Supplier financing – sometimes called purchase order finance or trade finance – doesn't work like a mortgage or a business overdraft. The cost structure is different, the time horizon is different, and the right way to evaluate it is different. And the pressure behind the question is real: net working capital days in the UK has risen almost 50% since 2015 – the sharpest increase of any major market, according to PwC's Working Capital Study 25/26. Product businesses aren't imagining the squeeze. The gap between paying out and getting paid back has genuinely widened. This article covers how to think about the real cost: what to compare it to, what the actual question is, and when it genuinely doesn't make sense.
💡 Key takeaways
APR is a useful metric for long-term borrowing – it's misleading for short-term supplier financing and trade finance
The right question isn't "what's the annual rate?" – it's "what does this cost per order cycle, and what does it unlock?"
The real cost of not financing – declined orders, missed supplier discounts, slower growth – is often higher than the financing fee itself
Supplier financing and purchase order finance make the most sense when the return on deployed capital exceeds the cost of accessing it
It's not the right tool for every situation – but for fast-growing product businesses, it usually costs less than the alternative
Why APR is the wrong lens for supplier financing
When you borrow money for 25 years to buy a property, APR is the right lens. You're committing to a long relationship with that capital, and small differences in annual rate compound into very large differences over time.
Supplier financing doesn't work like that. You're not borrowing for a year. You're bridging a specific, time-limited gap: the window between paying your supplier and getting paid by your customer. That window might be 60 days. It might be 90. When the goods are sold and the invoice is settled, the facility closes – and so does the cost.
This is true whether you're using a dedicated purchase order finance facility or a supplier financing platform like Treyd. The underlying mechanic is the same: short-term capital deployed for a specific order cycle, not a long-term debt relationship.
Expressing that as an annualized rate is a bit like pricing a two-week rental car by projecting the daily rate out over 52 weeks. Technically accurate. Practically misleading.

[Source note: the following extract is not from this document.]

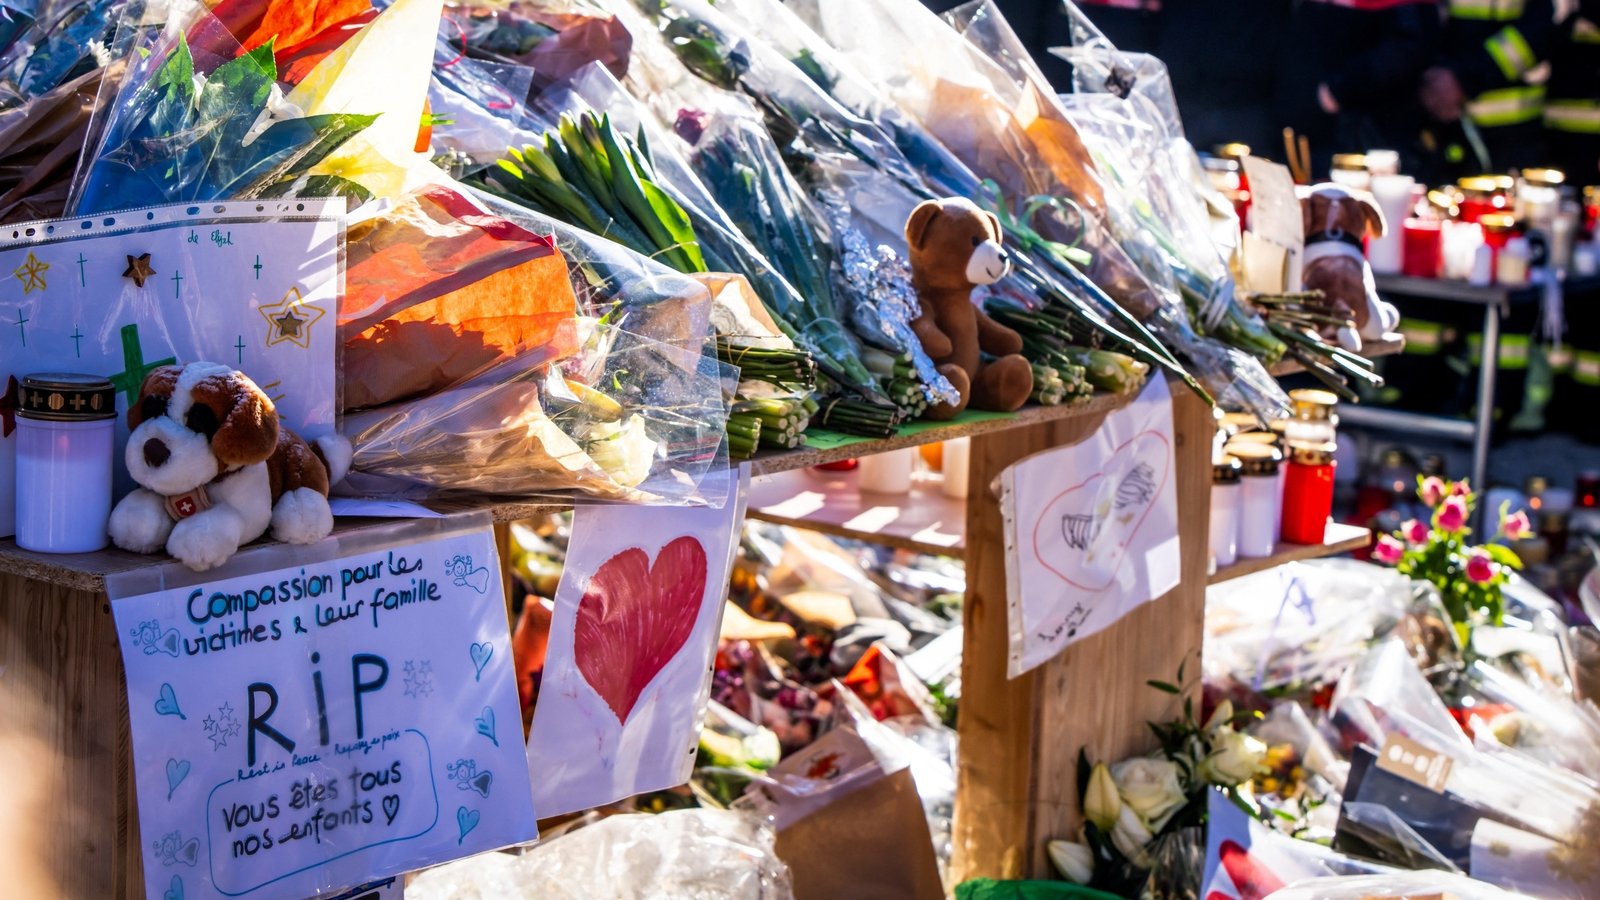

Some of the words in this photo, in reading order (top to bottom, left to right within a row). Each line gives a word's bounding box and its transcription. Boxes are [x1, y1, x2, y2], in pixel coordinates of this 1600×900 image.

The relevant question isn't "what would this cost if I used it every day for a year?" It's "what does this cost for the order cycle I'm actually running?"
How to calculate the real cost per order cycle
For supplier financing and purchase order finance, the number that matters is cost per order cycle – and whether the margin you generate on that cycle justifies it.
What does this order cost to finance? A flat fee – say 1.5% per month on the financed amount – applied to a 90-day (three-month) order cycle comes to 4.5% of the invoice value. On a £20,000 supplier invoice, that's £900.
What does this order generate? If the goods sell at a 40% gross margin, that's £8,000 in gross profit from a £20,000 order. The financing cost is £900 – about 11% of the margin generated, or roughly 4.5% of the order value.
Is that trade-off worth making? For most product businesses running healthy margins, yes – especially if the alternative is not taking the order at all, delaying it by a quarter, or funding it by drawing down on cash you need elsewhere.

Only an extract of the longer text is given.